Zwar bestehen Risiken, jedoch sei der Dämmstoff als solcher zugelassen, so das Amtsgericht. Nach dem Inhalt des Gesetzes komme es allein auf die wärmedämmende Eigenschaft des einzusetzenden Dämmstoffs an. Dieses sei bei EPS-Dämmplatten gegeben. Die vereinzelt auftretenden Risiken wurden bei der Zulassung des Baustoffs offenbar in Kauf genommen. Das Gericht verwies darauf, dass es sich über die gesetzlichen Vorgaben nicht hinwegsetzen dürfe.

Quelle: Amtsgericht Berlin-Mitte, Urteil vom 14.6.2017, 17 C 158/16

Mitgeteilt von Rechtsanwalt Ralf Herren aus 50321 Brühl

Wenn der Geschädigte kein Geld für die Werkstattkosten hat, darf er die Regulierung durch den Versicherer abwarten, bevor er reparieren lässt. Das gilt auch, wenn sich daraus ein langer Zeitraum ergibt. Voraussetzung ist aber, dass er dies dem Versicherer vorher ausdrücklich mitgeteilt hat.

So entschied es das Amtsgericht Leer im Fall eines Unfallgeschädigten, der für die Reparatur des Fahrzeugs kein eigenes Geld übrig hatte. Die Kreditfrage hatte sich wegen bereits laufender Kredite nicht gestellt. Der Versicherer hatte sich auf den Standpunkt gestellt, der Geschädigte habe den Unfall selbst verursacht. Etwa zehn Monate nach dem Unfall hat das Amtsgericht Leer mit diesem Urteil entschieden, dass der Unfallgegner und damit der Versicherer die volle Verantwortung für den Unfall tragen. Mit dem Urteil stellte das Amtsgericht auch fest, dass der Geschädigte Anspruch auf die Nutzungsausfallentschädigung bisher und bis zur Fertigstellung des nicht mehr fahrfähigen Fahrzeugs habe. Das waren mehr als 300 Tage.

Quelle: Amtsgericht Leer, Urteil vom 10.7.2017, 070 C 1166-16

Mitgeteilt von Rechtsanwalt Ralf Herren aus 50321 Brühl

Verlangt ein vom sogenannten VW-Abgasskandal betroffener Autokäufer von Volkswagen Schadenersatz und will er den Kaufvertrag rückabwickeln, besteht dafür eine hinreichende Erfolgsaussicht. Der Rechtsschutzversicherer ist daher verpflichtet, Deckung zu gewähren.

Diese Klarstellung traf das Oberlandesgericht (OLG) Düsseldorf im Fall eines aus Sachsen stammenden Versicherungsnehmers. Er hatte einen vom sogenannten „Abgasskandal“ betroffenen VW-Sharan gekauft. Nun verlangte er von seiner in Düsseldorf sitzenden Rechtsschutzversicherung eine Deckungszusage, um Ansprüche gegen die Herstellerin Volkswagen AG auf Rückzahlung des Kaufpreises nebst Zinsen geltend zu machen. Dies hatte die Rechtsschutzversicherung abgelehnt. Sie meint, es bestünden für die Verfolgung eines Schadenersatzanspruchs gegen die Herstellerin keine hinreichenden Erfolgsaussichten. Denn der Käufer könne keinen konkreten Schaden benennen oder beziffern, da die Fahrtauglichkeit nicht eingeschränkt sei und auch die Betriebserlaubnis weiterhin bestehe. Der Mangel sei außerdem mit geringem Aufwand zu beheben. Sollte ein merkantiler Minderwert bestehen, könne dieser zu einem späteren Zeitpunkt geltend gemacht werden.

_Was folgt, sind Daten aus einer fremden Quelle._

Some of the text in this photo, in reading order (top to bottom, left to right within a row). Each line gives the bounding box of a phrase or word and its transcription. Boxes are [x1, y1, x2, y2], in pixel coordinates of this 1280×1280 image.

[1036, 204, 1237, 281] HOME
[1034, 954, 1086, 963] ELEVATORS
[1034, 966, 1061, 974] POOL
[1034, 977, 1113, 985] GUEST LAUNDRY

Das sahen die Richter am OLG anders. Sie entschieden, dass der Versicherer einstandspflichtig sei. Es bestehe eine hinreichende Erfolgsaussicht der Rechtsverfolgung. Bereits mehrere Landgerichte erster Instanz hätten einen Schadenersatzanspruch eines Kraftfahrzeugkäufers gegen die Volkswagen AG wegen des Inverkehrbringens von Dieselfahrzeugen mit manipulierter Abgassoftware bejaht, unter anderem gemäß § 826 BGB (sittenwidrige vorsätzliche Schädigung).

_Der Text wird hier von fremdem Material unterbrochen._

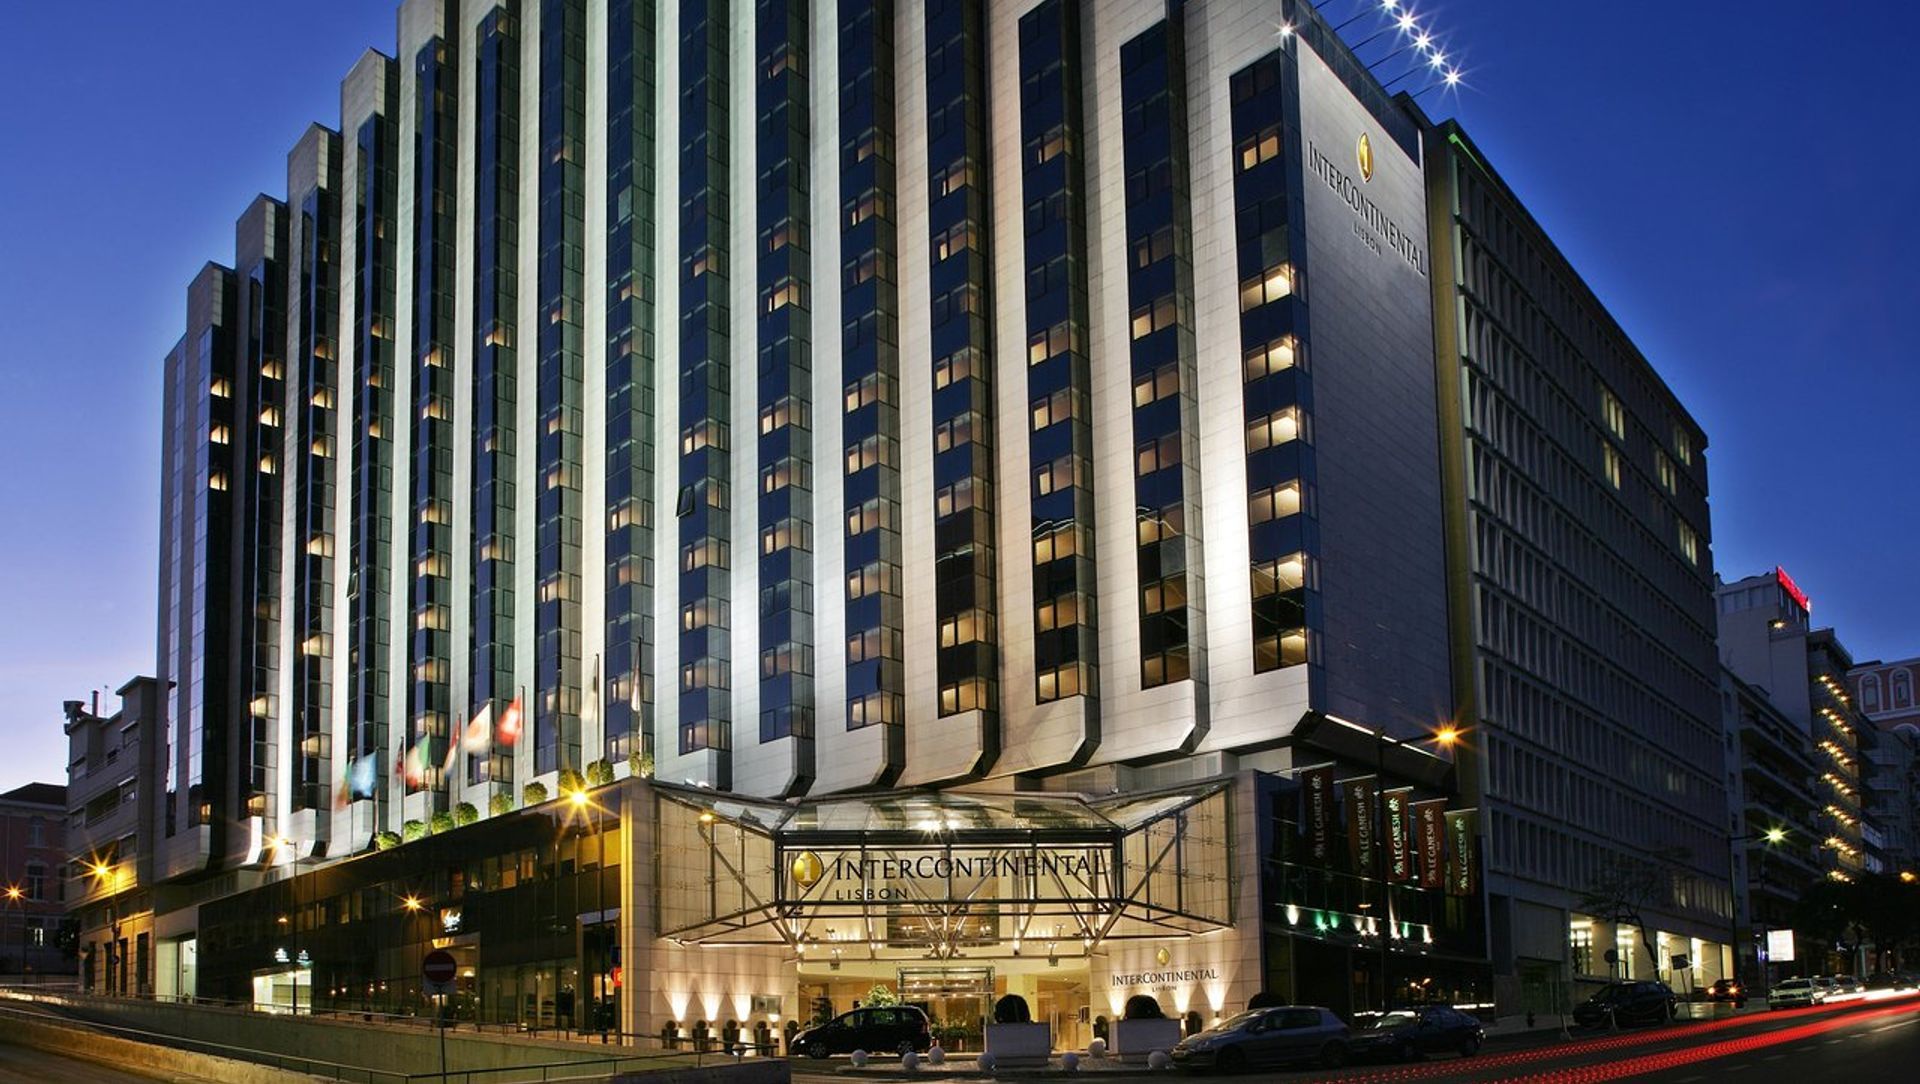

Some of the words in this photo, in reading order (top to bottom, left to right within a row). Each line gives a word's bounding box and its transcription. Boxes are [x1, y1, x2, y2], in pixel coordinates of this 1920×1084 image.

[1309, 141, 1426, 276] INTERCONTINENTAL
[1354, 222, 1382, 256] LISBON
[1391, 814, 1403, 848] GANESH
[1393, 849, 1404, 860] LE
[835, 855, 1109, 881] INTERCONTINENTAL
[835, 887, 909, 901] LISBON
[1112, 969, 1219, 986] INTERCONTINENTAL
[1152, 985, 1177, 993] LISBON

Der Versicherungsnehmer verstoße mit seiner beabsichtigten sofortigen Klage gegen die Herstellerin auch nicht gegen seine Schadensminderungspflicht. Ihm sei es nicht zuzumuten, trotz hinreichender Erfolgsaussichten mit rechtlichen Schritten gegen die Herstellerin zuzuwarten. Nach dem bisherigen Verhalten der Herstellerin spreche nichts dafür, dass sie freiwillig den vom Kläger geltend gemachten Schadenersatzanspruch erfüllen werde und eine streitige Auseinandersetzung vermeidbar wäre. Im Übrigen sei es Sache des Autokäufers zu entscheiden, wann er seine Ansprüche gegen die Herstellerin geltend machen wolle. Dies sei von seinem Versicherungsvertrag gedeckt.